Posted By Elizabeth Dickinson

According to a 2009 cable from the U.S. Embassy in Brasilia, Brazil's outgoing defense minister "all but acknowledged" that the FARC, a Colombian leftist rebel group that the State Department considers a terrorist organization, was present in Venezuela despite Brazilian leaders' consistent refusal to say so in public.

This is big news. Brazil has always played the cool mediator between unfriendly neighbors Colombia and Venezuela, taking neither party's side in their often-heated dispute over the FARC. In recent years, Venezuelan President Hugo Chávez has repeatedly denied that the rebels are on his country's soil, while the Colombians have insisted otherwise, and Brazil has kept mum to avoid being seen as biased. The incoming president, Dilma Roussef, has said that FARC is not Brazil's problem.

As the defense minister, Nelson Jobim, put it, "were he to acknowledge its presence [in Venezuela] 'it would ruin Brazil's ability to mediate,'" according to the cable.

That's not to say, however, that Brazil is on Colombia's side. In fact, the WikiLeaks documents show signs that the Brazilians were frustrated with both parties. The Nov. 13 cable refers to Brazil's "insistence on painting [then Colombian President Álvaro] Uribe as the primary source of Andean tensions." And Jobim is seen blaming each side for making inflammatory statements about the other to drum up political support at home.
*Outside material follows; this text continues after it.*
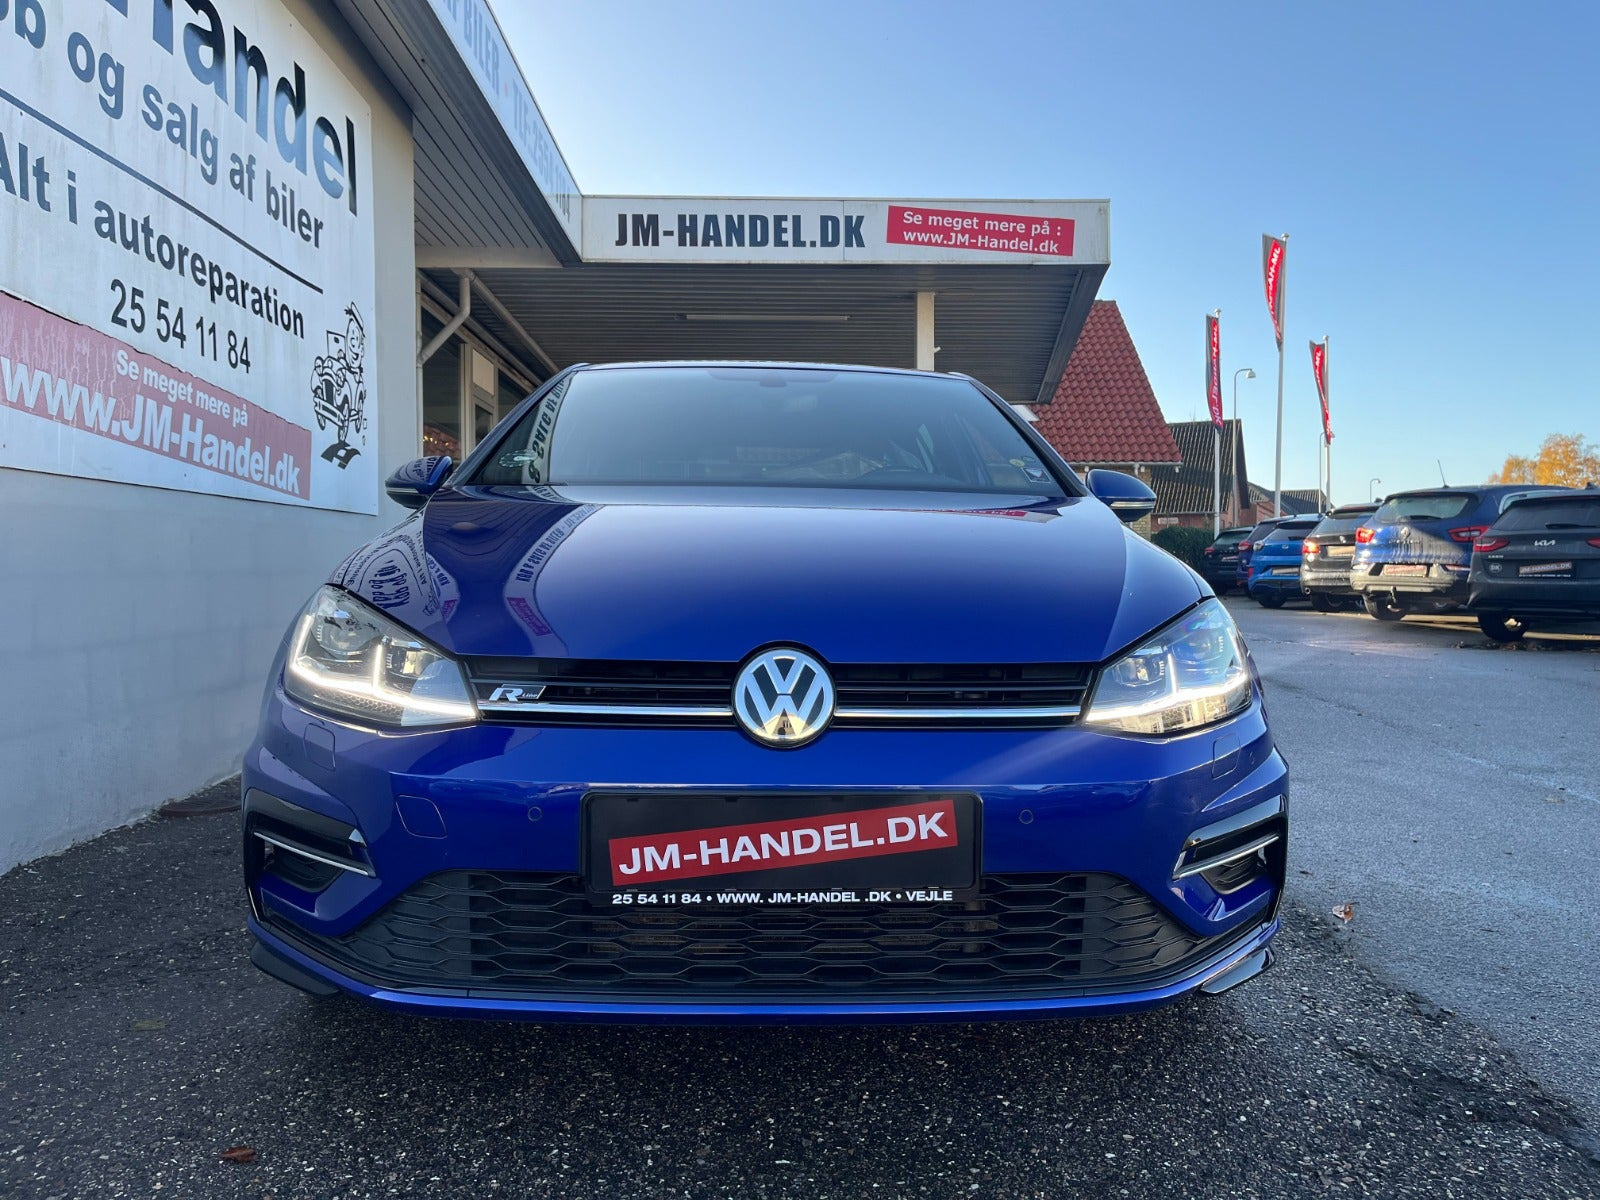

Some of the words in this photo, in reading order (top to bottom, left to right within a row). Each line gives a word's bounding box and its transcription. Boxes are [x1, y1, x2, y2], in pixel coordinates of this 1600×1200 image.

"Jobim also was critical of Uribe seeking a third term, a move which he thought set a bad precedent for the 'Bolivarists,'" the cable reads, referring to Chávez and his acolytes in Ecuador and Bolivia. (Another cable from Paris quotes French diplomatic advisor Jean-David Levitte as saying that Chávez is "crazy" and that "even Brazil wasn't able to support him anymore.")

So if neither Venezuela nor Colombia is Brazil's favored regional friend, is it a win for Washington at least? Likely not. In the same conversation, Jobim comes across as furious about a recent U.S.-basing agreement signed between Washington and Bogotá. The pact was lambasted in Latin American as yet more Yankee imperialism; in conversations recounted in the cable, the defense minister says that a U.S. policy document on the bases evinced "a complete lack of understanding" of the region.

Both Colombia and Brazil have newly elected presidents, which will likely shake things up in the relationship -- probably for the better. But what's not likely to change is the the sense in Latin American capitals that Washington just doesn't get it.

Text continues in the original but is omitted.